* _Recorded information_
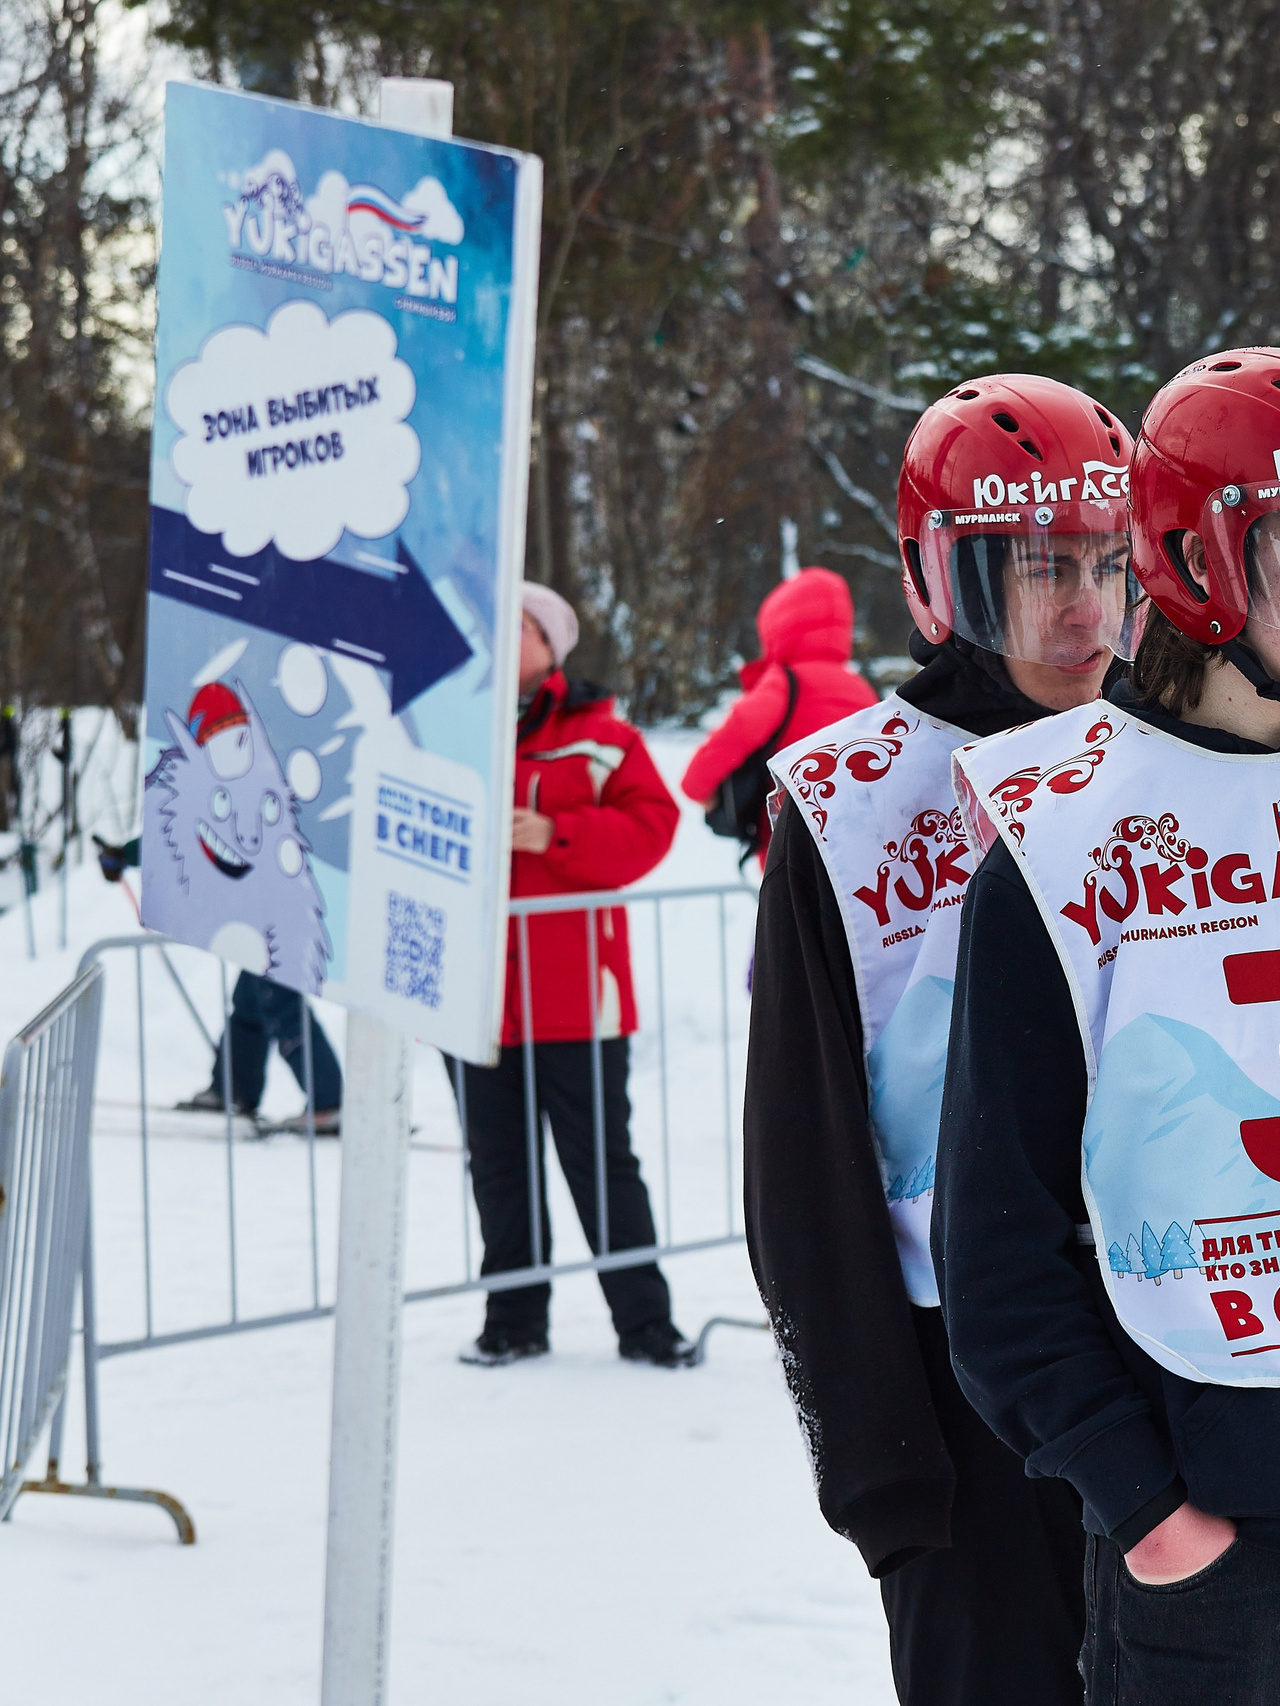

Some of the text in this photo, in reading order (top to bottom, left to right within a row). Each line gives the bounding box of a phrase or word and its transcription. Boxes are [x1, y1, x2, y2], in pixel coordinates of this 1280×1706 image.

[203, 375, 380, 441] ЗОНА ВЫБИТЫХ
[246, 430, 345, 478] ИГРОКОВ
[955, 513, 1021, 525] МУРМАНСК
[418, 799, 471, 838] ТОЛК
[396, 822, 471, 872] СНЕГЕ
[1120, 924, 1196, 944] MURMANSK
[1200, 914, 1259, 935] REGION
[1202, 1234, 1254, 1262] ДЛЯ
[1205, 1262, 1246, 1282] КТО
[1210, 1289, 1265, 1342] В

* _What you should do_
The answer should consist of all the records, duplicated exactly, with no images included.

* _Your solution_
Some of the text in this photo, in reading order (top to bottom, left to right within a row). Each line gives the bounding box of a phrase or word and its transcription. Boxes are [x1, y1, x2, y2], in pixel coordinates of this 1280×1706 image.

[203, 375, 380, 441] ЗОНА ВЫБИТЫХ
[246, 430, 345, 478] ИГРОКОВ
[955, 513, 1021, 525] МУРМАНСК
[418, 799, 471, 838] ТОЛК
[396, 822, 471, 872] СНЕГЕ
[1120, 924, 1196, 944] MURMANSK
[1200, 914, 1259, 935] REGION
[1202, 1234, 1254, 1262] ДЛЯ
[1205, 1262, 1246, 1282] КТО
[1210, 1289, 1265, 1342] В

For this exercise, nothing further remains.